My point is very simple:

if you create a socket and bind it to INADDR_ANY / in6addr_any and do not 
specifically bind it to an interface, then it will receive packets in all 
interfaces. This may include packets from interfaces that we are not sending 
multicast on.

In the case of a gateway, it would mean receiving packets from the Internet 
too, which could be malicious, intended to poison the OIC server with 
superfluous data (DoS attack) or even break into it.

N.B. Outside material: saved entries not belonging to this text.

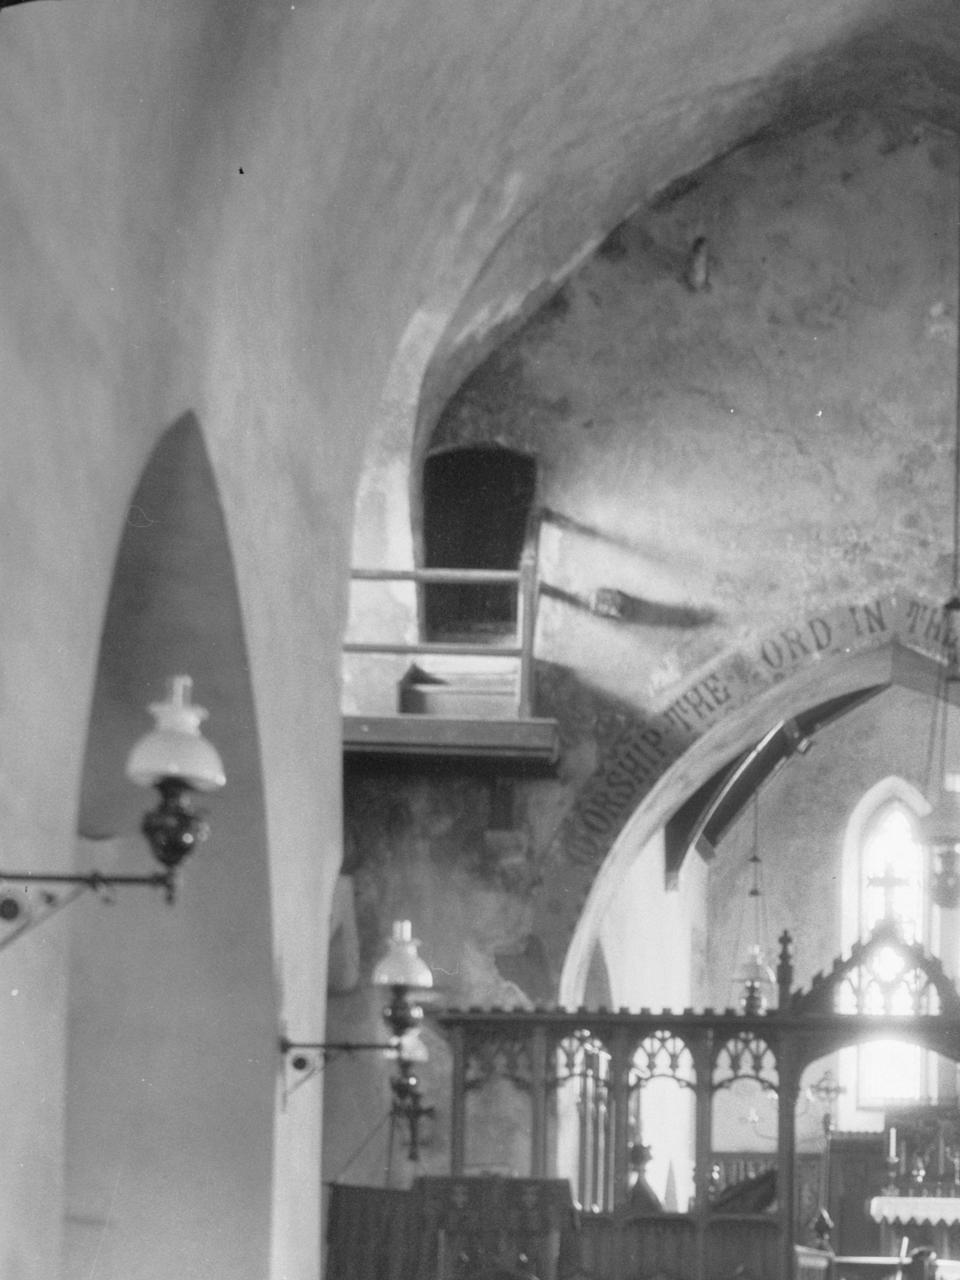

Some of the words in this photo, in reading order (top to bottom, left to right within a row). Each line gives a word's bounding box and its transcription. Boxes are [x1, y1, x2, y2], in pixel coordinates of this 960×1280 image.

[663, 673, 732, 732] THE
[740, 617, 832, 677] ORD
[848, 600, 888, 637] IN
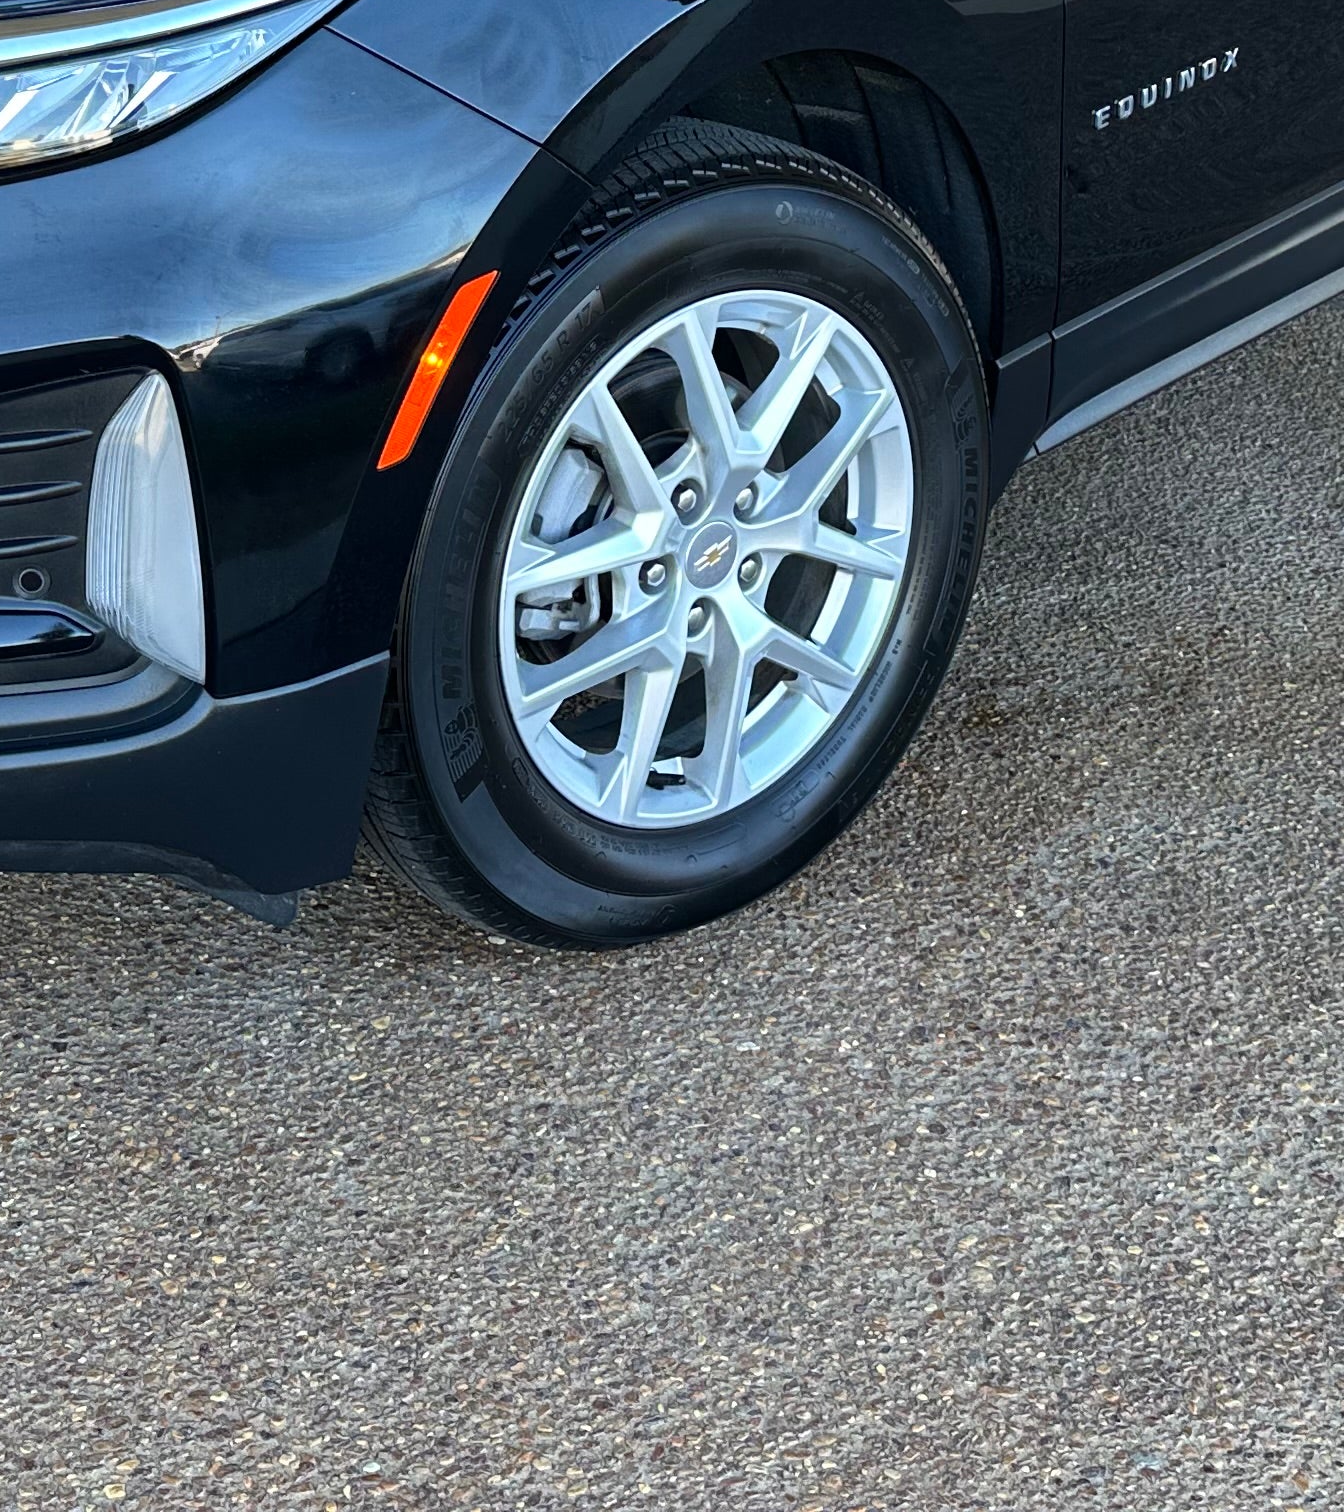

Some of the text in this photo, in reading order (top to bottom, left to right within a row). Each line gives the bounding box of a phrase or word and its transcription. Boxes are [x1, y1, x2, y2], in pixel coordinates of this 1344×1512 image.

[1093, 47, 1240, 130] EQUINOX
[574, 301, 594, 332] 17
[441, 468, 494, 699] MICHELIN
[937, 447, 978, 631] MICHELIN

Secure coding procedures require us to do early detection, authentication and 
authorisation of those packets, so that they cannot pose further harm into the 
application and the network.

Maybe the DTLS layer is enough: without knowing the DTLS session keys, an 
outside attacker would not be able to craft the correct packet and it would be 
discarded on decryption as invalid. But someone has to prove that this is 
enough.

In fact, we may need to be enough, since we could receive routed packets via 
the network, even on devices with a single interface.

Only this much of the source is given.